| name | perform-sweep |
| description | Design, configure, launch, and analyze ablation sweeps for GRPO training. Use for hypothesis testing, hyperparameter experiments, and systematic comparisons. |
Perform Sweep
End-to-end workflow for running ablation experiments on the Diplomacy GRPO training pipeline.
Quick Reference
| Phase | Action | Command |
|---|---|---|
| Configure | Create sweep.yaml | See YAML Reference |
| Validate | Dry run | python scripts/launch_sweep.py <path> --dry-run |
| Info | Show config | python scripts/launch_sweep.py <path> --info |
| Launch | Start sweep | python scripts/launch_sweep.py <path> |
| Status | Check progress | python scripts/launch_sweep.py <path> --status |
| List | List all sweeps | python scripts/launch_sweep.py --list |
| Analyze | Compare results | Use experiment-analysis skill |
Workflow
1. Hypothesis Design
- Review recent experiments in
experiments/experiment-tracker.md - Identify one variable to test (e.g., horizon length, scoring function)
- Predict expected outcome
- Document reasoning in sweep.yaml
hypothesisfield
2. YAML Configuration
Create experiments/sweeps/<name>/sweep.yaml:
metadata:
name: "my-ablation"
description: "Testing hypothesis X"
hypothesis: "Longer horizons should improve strategic play"
experiment_tag_prefix: "my-ablation"
defaults:
total_steps: 100
runs:
A:
name: "control"
description: "Baseline configuration"
config:
experiment_tag: "${metadata.experiment_tag_prefix}-A"
B:
name: "treatment"
description: "With longer horizon"
config:
rollout_horizon_years: 8
experiment_tag: "${metadata.experiment_tag_prefix}-B"

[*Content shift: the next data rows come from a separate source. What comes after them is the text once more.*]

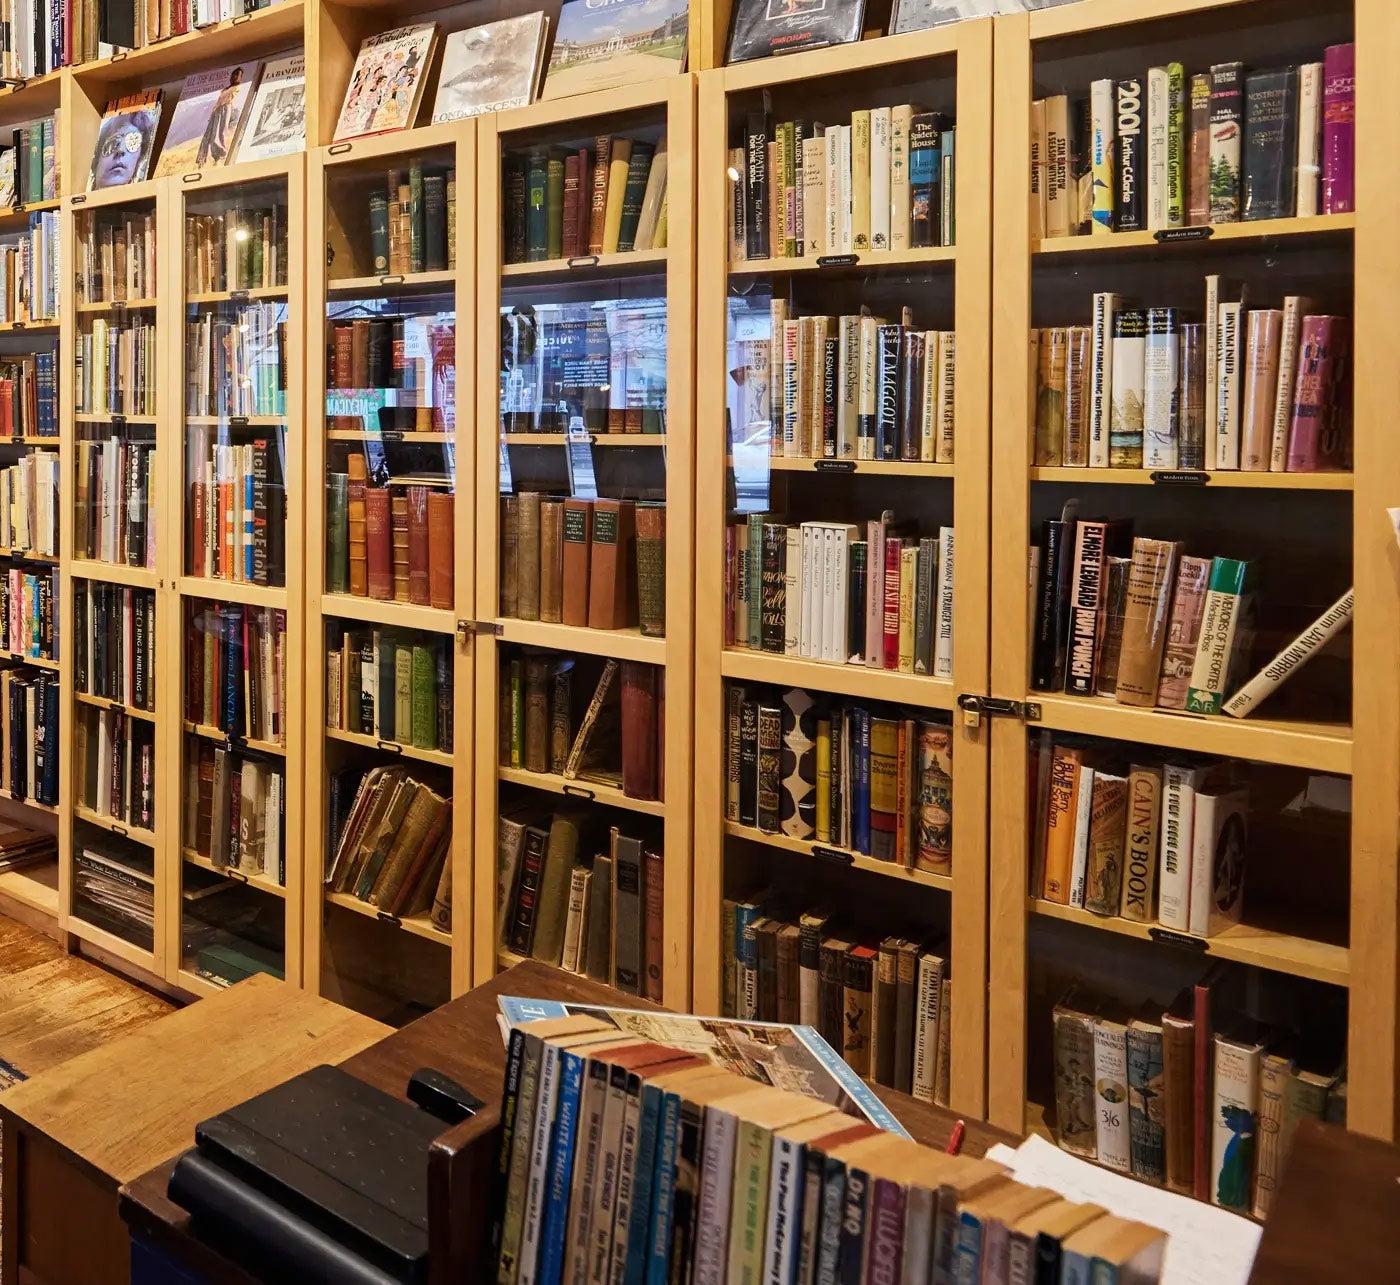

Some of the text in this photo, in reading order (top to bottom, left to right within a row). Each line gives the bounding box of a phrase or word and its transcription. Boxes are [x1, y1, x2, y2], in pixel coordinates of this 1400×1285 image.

[1168, 74, 1180, 87] The
[1118, 82, 1141, 136] 2001
[914, 123, 932, 132] The
[756, 134, 766, 184] SYMPATHY
[912, 138, 936, 150] House
[1122, 136, 1134, 167] Arthur
[594, 169, 605, 188] AND
[1168, 160, 1180, 198] Carrington
[592, 190, 605, 212] LOSE
[1096, 296, 1105, 324] CHITTY
[846, 320, 858, 340] April
[1096, 323, 1105, 350] CHITTY
[1225, 312, 1235, 374] DISTINGUISHED
[824, 342, 834, 402] SHUSAKU ENDO
[1096, 351, 1105, 372] BANG
[846, 371, 858, 404] Odyssey
[882, 363, 897, 428] MAGGOT
[1096, 373, 1105, 394] BANG
[1096, 409, 1105, 442] Fleming
[944, 535, 954, 556] ANNA
[736, 550, 744, 600] ANGELA HUTH
[944, 558, 954, 582] KAVAN
[942, 591, 952, 622] STRANGER
[1072, 526, 1102, 677] ELMORE LEONARD RUM PUNCH
[940, 624, 951, 639] STILL
[1206, 596, 1234, 690] MEMOIRS OF THE FORTIES
[1265, 627, 1326, 681] JAN MORRIS
[760, 718, 780, 731] DEAD
[760, 730, 779, 738] MEN
[730, 752, 740, 784] MORRIS
[1048, 788, 1061, 828] Southern
[1060, 790, 1074, 813] Terry
[1127, 778, 1154, 910] CAIN'S BOOK
[927, 971, 938, 1022] TOM WOLFE
[558, 1101, 572, 1147] WHITE
[771, 1161, 790, 1276] The Paul McCartney

See YAML Reference for full schema.
3. Validate Configuration
# Show sweep info
python scripts/launch_sweep.py experiments/sweeps/<name>/ --info
# Dry run (validates config, shows what would run)
python scripts/launch_sweep.py experiments/sweeps/<name>/ --dry-run
4. Launch and Monitor
# Launch (fire-and-forget - runs in cloud)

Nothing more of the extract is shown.